Publication year2014

Sparse Patent Protection for Research Tools: Expansion of the Safe Harbor Has Changed the Rules

Robert A. Jone

SPARSE PATENT PROTECTION FOR RESEARCH TOOLS: EXPANSION OF THE SAFE HARBOR HAS CHANGED THE RULES


Abstract

The protection provided by patent rights benefits society by encouraging inventors to disclose their inventions, but these same rights can be wielded against competitors through infringement suits, causing a chilling effect on later innovation. In the field of pharmaceutical innovation, the Hatch-Waxman Act's safe harbor has provided a defense against infringement, allowing generic manufacturers to quickly bring low-cost drugs to the public while trespassing minimally on the patent holder's rights. The Act's delicate balance of benefits and burdens has been threatened by recent judicial interpretations of the provision's scope. The scope of the safe harbor has been expanded to the point that it reduces the value of patent protection for laboratory tools and methods, and in turn threatens the patent system's role in encouraging innovation in these areas.

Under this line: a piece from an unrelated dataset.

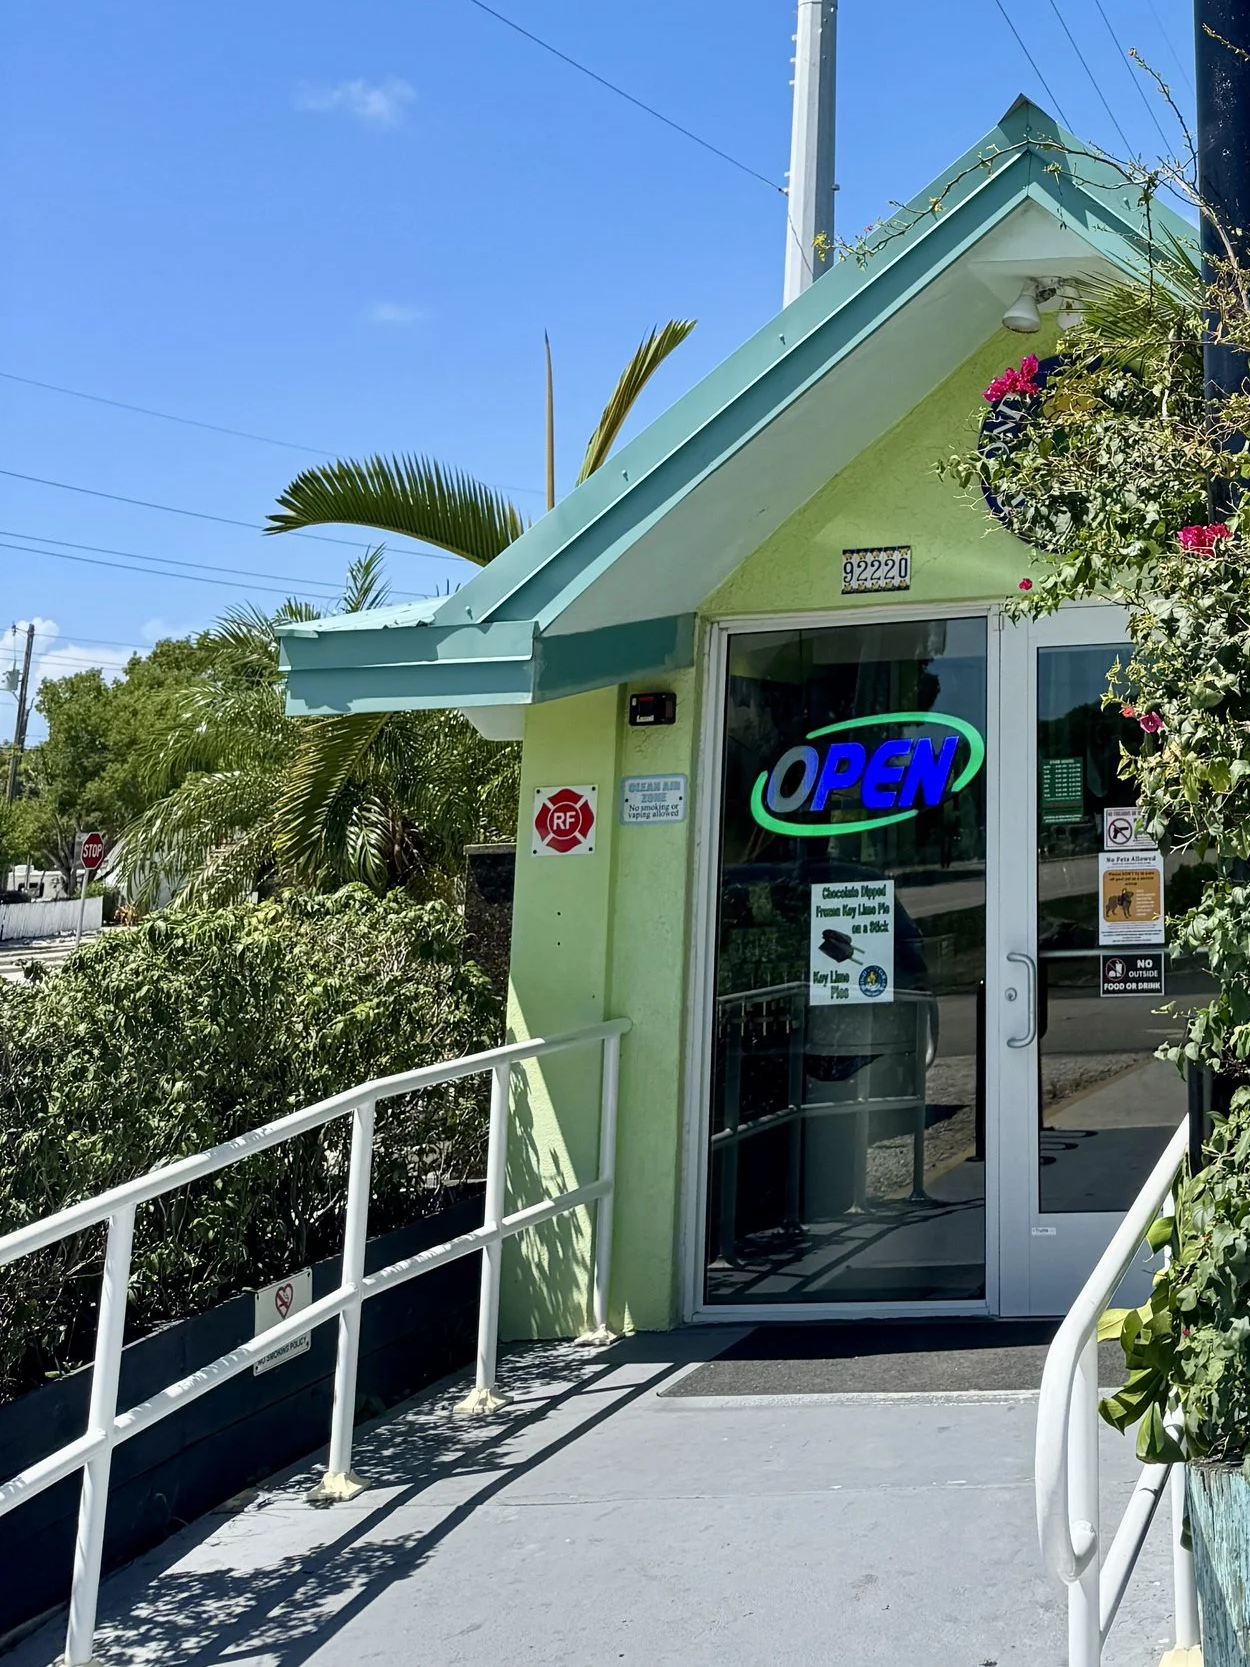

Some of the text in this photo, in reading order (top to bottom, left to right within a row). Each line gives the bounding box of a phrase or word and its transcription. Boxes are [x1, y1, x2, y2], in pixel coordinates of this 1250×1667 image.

This Comment proposes limits to the safe harbor's scope by (1) specifying the types of inventions that are subject to the safe harbor and (2) permitting those patents to be infringed only until FDA approval has been granted. This proposed scope is supported by the legislative history, which referred extensively to the FDA approval process and repeatedly assured drug manufacturers that the purpose of the safe harbor was to reduce delays caused by the FDA approval process. In addition, this scope comports with the broader themes of patent law in that it promotes certainty in the law and provides parties with notice of their rights. However, because the language used in the safe harbor provision is expansive, textualist interpretations of the provision alone tend to worsen rather than solve the problem. For this reason, this Comment advocates legislative action to produce limits on the scope of the safe harbor that will protect and encourage innovation while promoting early access to generic drugs.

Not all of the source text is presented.